**BRIEF**.
Repeat the listing below in full and exactly. Pictures are to be omitted.

**RECORDS PROVIDED**.
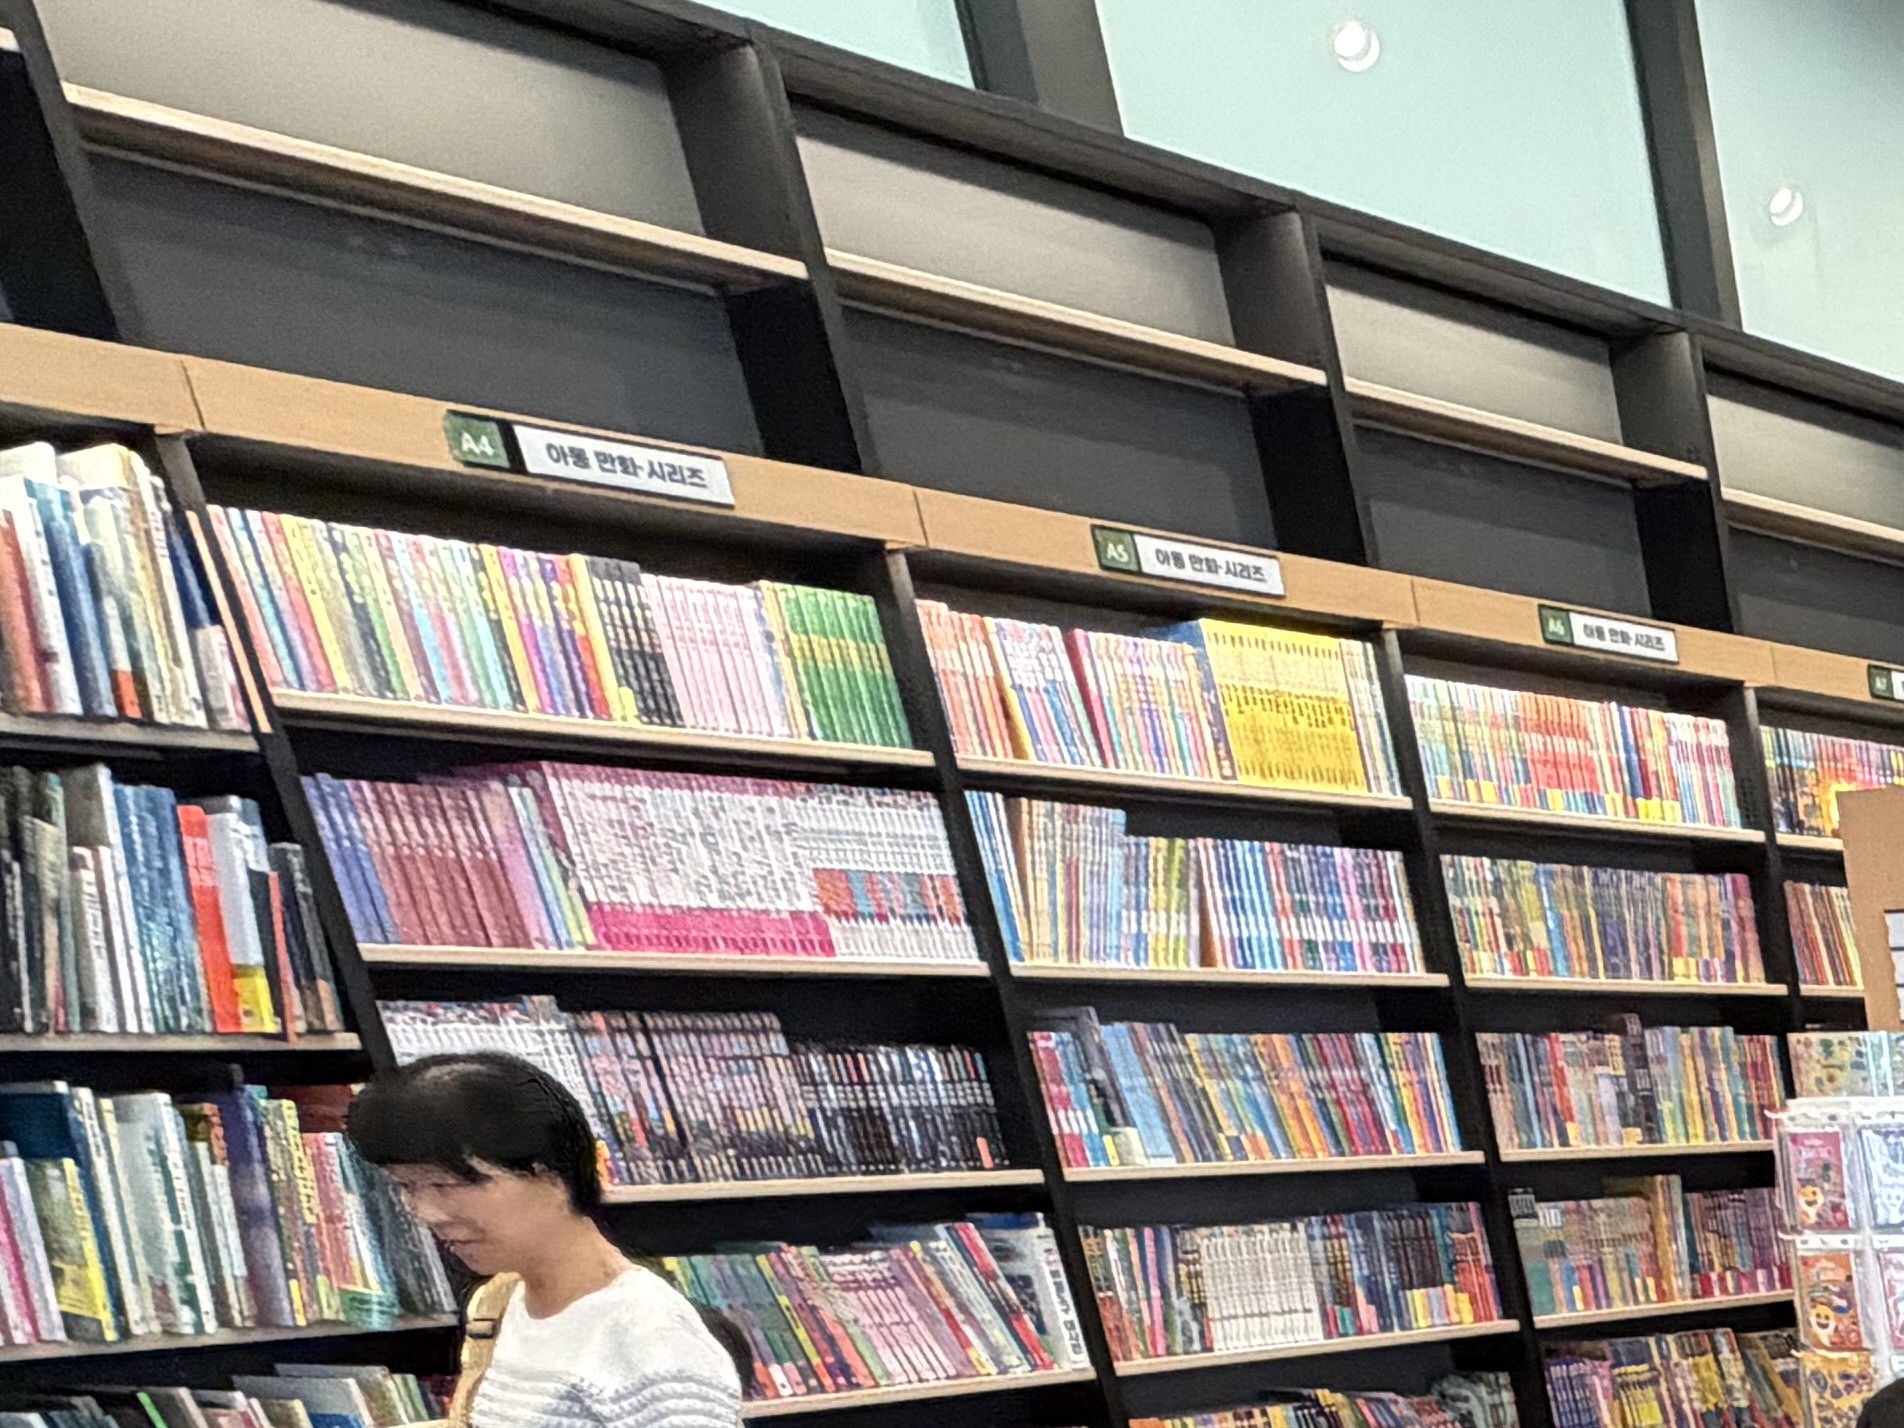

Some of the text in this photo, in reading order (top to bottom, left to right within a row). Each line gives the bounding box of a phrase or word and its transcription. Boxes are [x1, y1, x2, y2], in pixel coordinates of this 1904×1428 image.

[460, 431, 493, 456] A4
[546, 443, 590, 469] 아동
[1107, 542, 1129, 563] A5
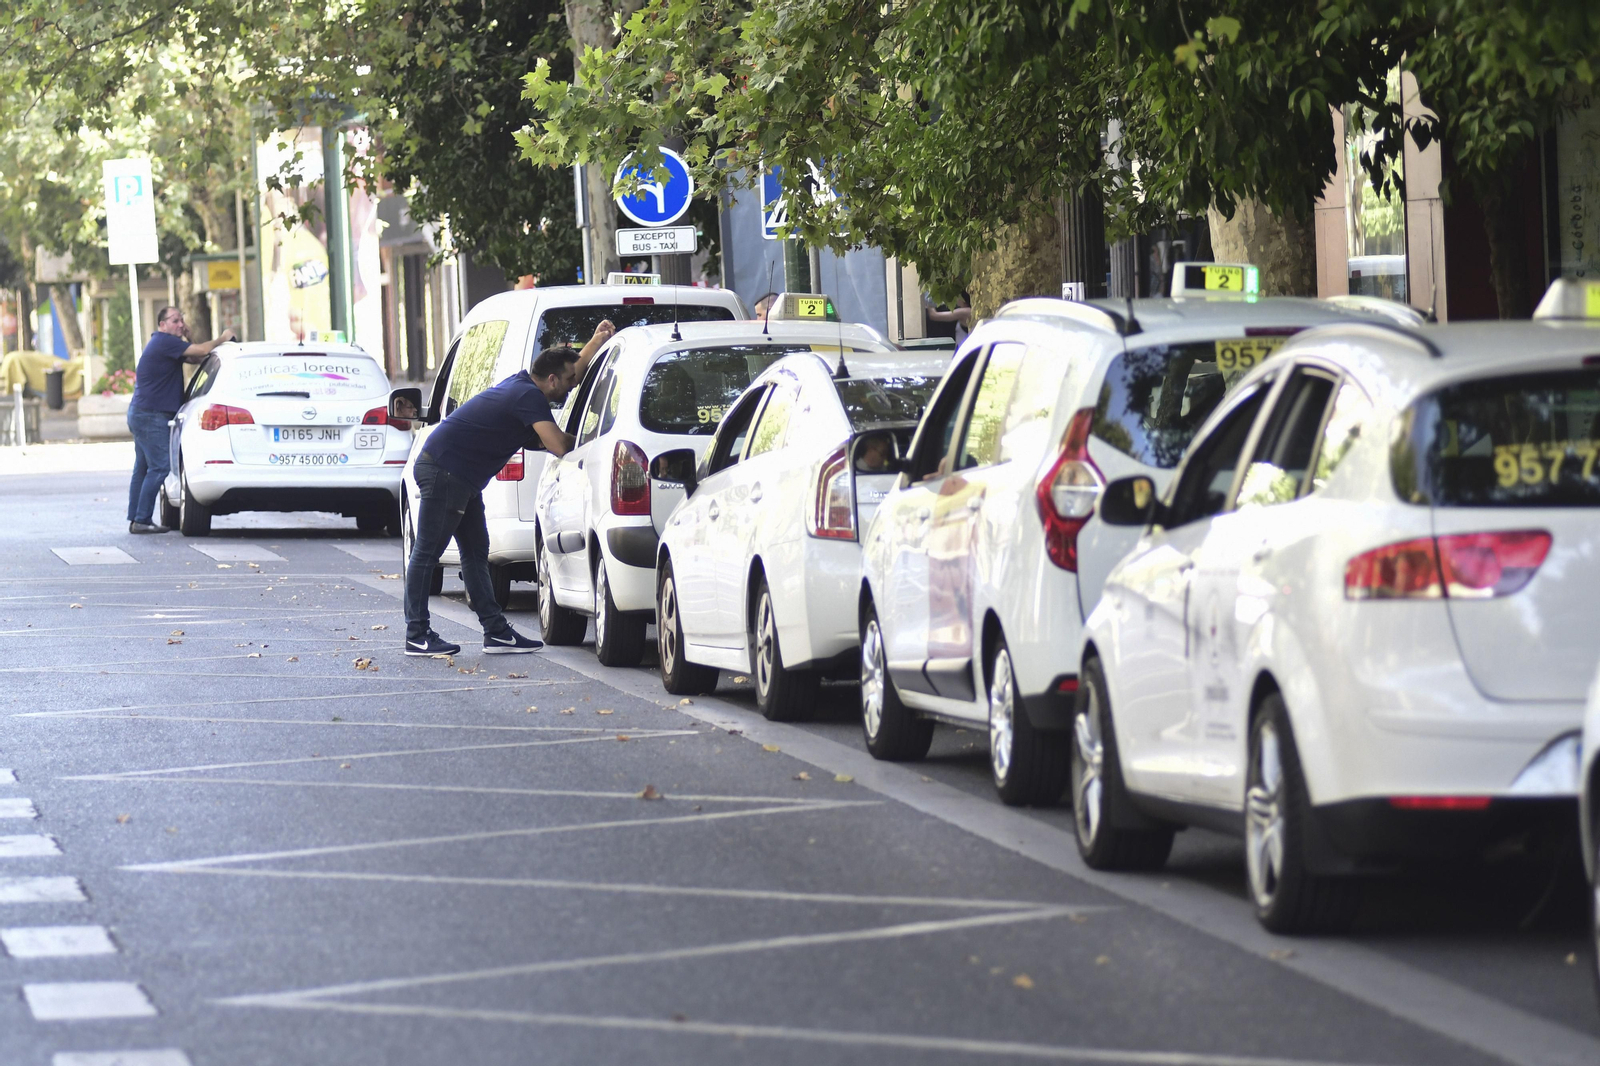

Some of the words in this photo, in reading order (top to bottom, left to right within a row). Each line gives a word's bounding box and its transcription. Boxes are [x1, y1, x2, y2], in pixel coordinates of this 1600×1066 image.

[634, 231, 676, 241] EXCEPTO
[632, 243, 652, 252] BUS
[659, 242, 678, 250] TAXI
[1209, 267, 1241, 275] TURNO
[1218, 274, 1230, 289] 2
[807, 304, 817, 315] 2
[1220, 346, 1273, 369] 957
[303, 362, 361, 375] lorente
[346, 415, 361, 423] 025
[282, 429, 314, 441] 0165
[318, 429, 341, 441] JNH
[359, 435, 379, 447] SP
[278, 454, 296, 465] 957
[299, 454, 310, 465] 45
[312, 454, 324, 465] 00
[327, 454, 339, 465] 00
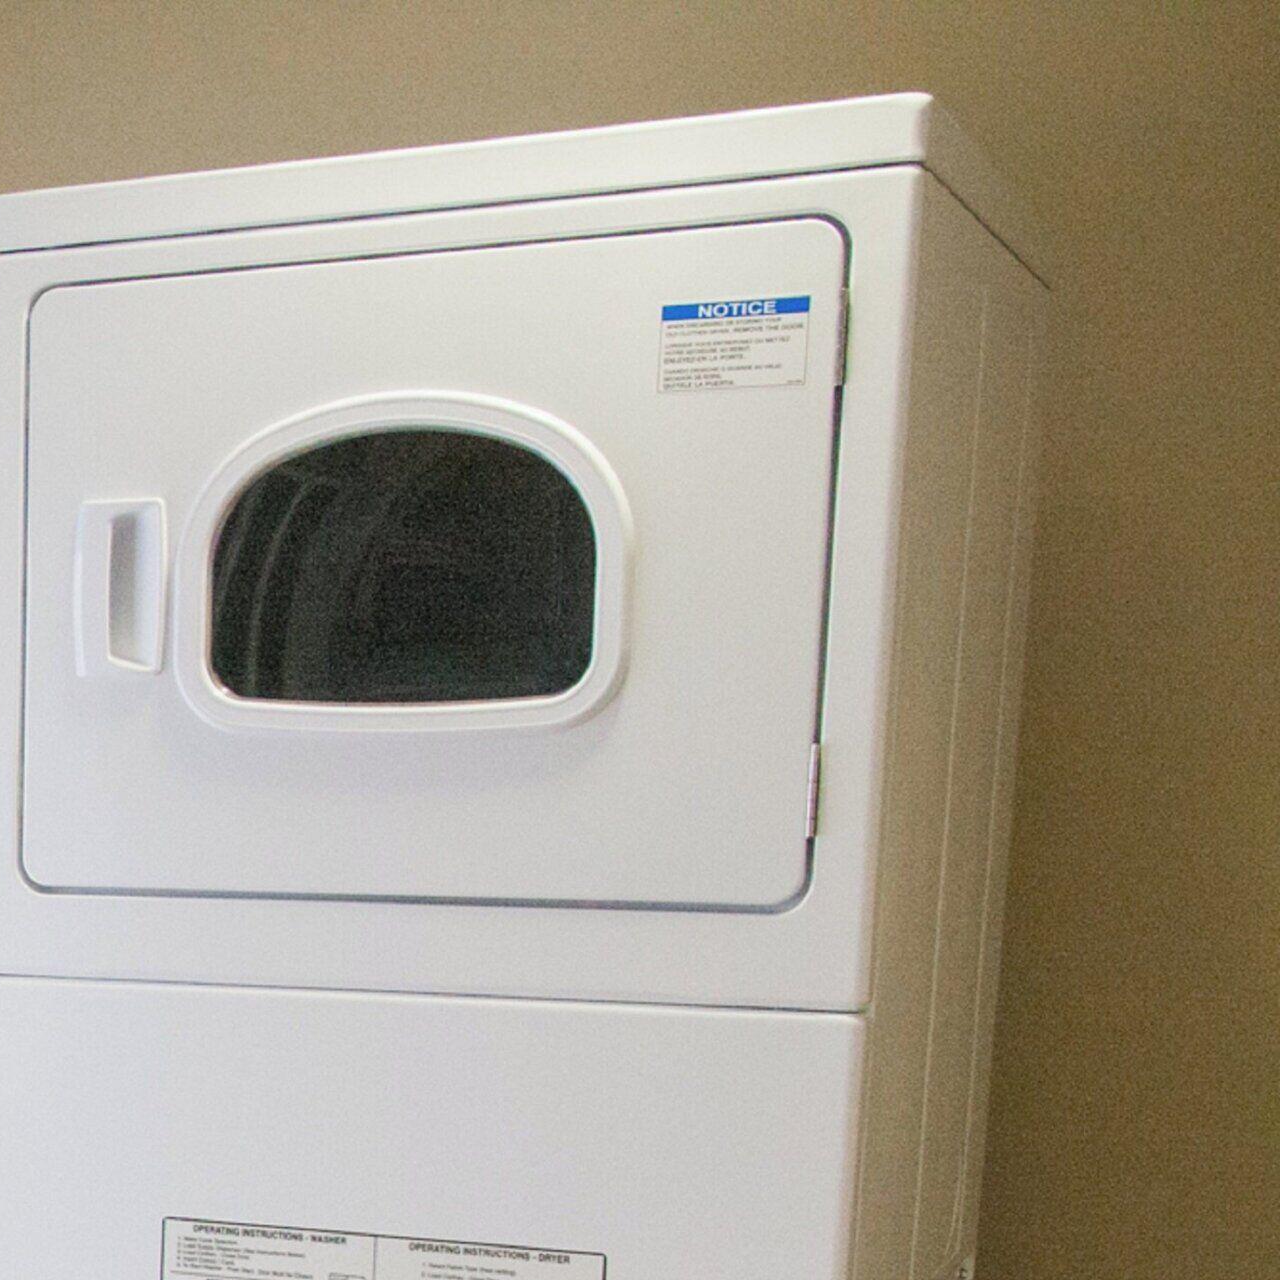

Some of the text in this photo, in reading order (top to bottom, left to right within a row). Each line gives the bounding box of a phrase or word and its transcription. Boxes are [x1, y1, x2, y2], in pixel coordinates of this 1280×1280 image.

[697, 300, 777, 318] NOTICE
[193, 1225, 240, 1236] OPERATING
[242, 1228, 304, 1242] INSTRUCTIONS
[311, 1236, 347, 1244] WASHER
[409, 1242, 460, 1255] OPERATING
[462, 1246, 530, 1262] INSTRUCTIONS
[538, 1253, 570, 1264] DRYER

**SOLUTION TO THIS PROBLEM**.
Some of the text in this photo, in reading order (top to bottom, left to right within a row). Each line gives the bounding box of a phrase or word and its transcription. Boxes are [x1, y1, x2, y2], in pixel coordinates of this 1904×1428 image.

[460, 431, 493, 456] A4
[546, 443, 590, 469] 아동
[1107, 542, 1129, 563] A5

Some of the words in this photo, in reading order (top to bottom, left to right within a row). Each line gives a word's bounding box and its transcription. Boxes are [x1, y1, x2, y2], in pixel coordinates of this 1600×1066 image.

[634, 231, 676, 241] EXCEPTO
[632, 243, 652, 252] BUS
[659, 242, 678, 250] TAXI
[1209, 267, 1241, 275] TURNO
[1218, 274, 1230, 289] 2
[807, 304, 817, 315] 2
[1220, 346, 1273, 369] 957
[303, 362, 361, 375] lorente
[346, 415, 361, 423] 025
[282, 429, 314, 441] 0165
[318, 429, 341, 441] JNH
[359, 435, 379, 447] SP
[278, 454, 296, 465] 957
[299, 454, 310, 465] 45
[312, 454, 324, 465] 00
[327, 454, 339, 465] 00

Some of the text in this photo, in reading order (top to bottom, left to right within a row). Each line gives the bounding box of a phrase or word and its transcription. Boxes are [x1, y1, x2, y2], in pixel coordinates of this 1280×1280 image.

[697, 300, 777, 318] NOTICE
[193, 1225, 240, 1236] OPERATING
[242, 1228, 304, 1242] INSTRUCTIONS
[311, 1236, 347, 1244] WASHER
[409, 1242, 460, 1255] OPERATING
[462, 1246, 530, 1262] INSTRUCTIONS
[538, 1253, 570, 1264] DRYER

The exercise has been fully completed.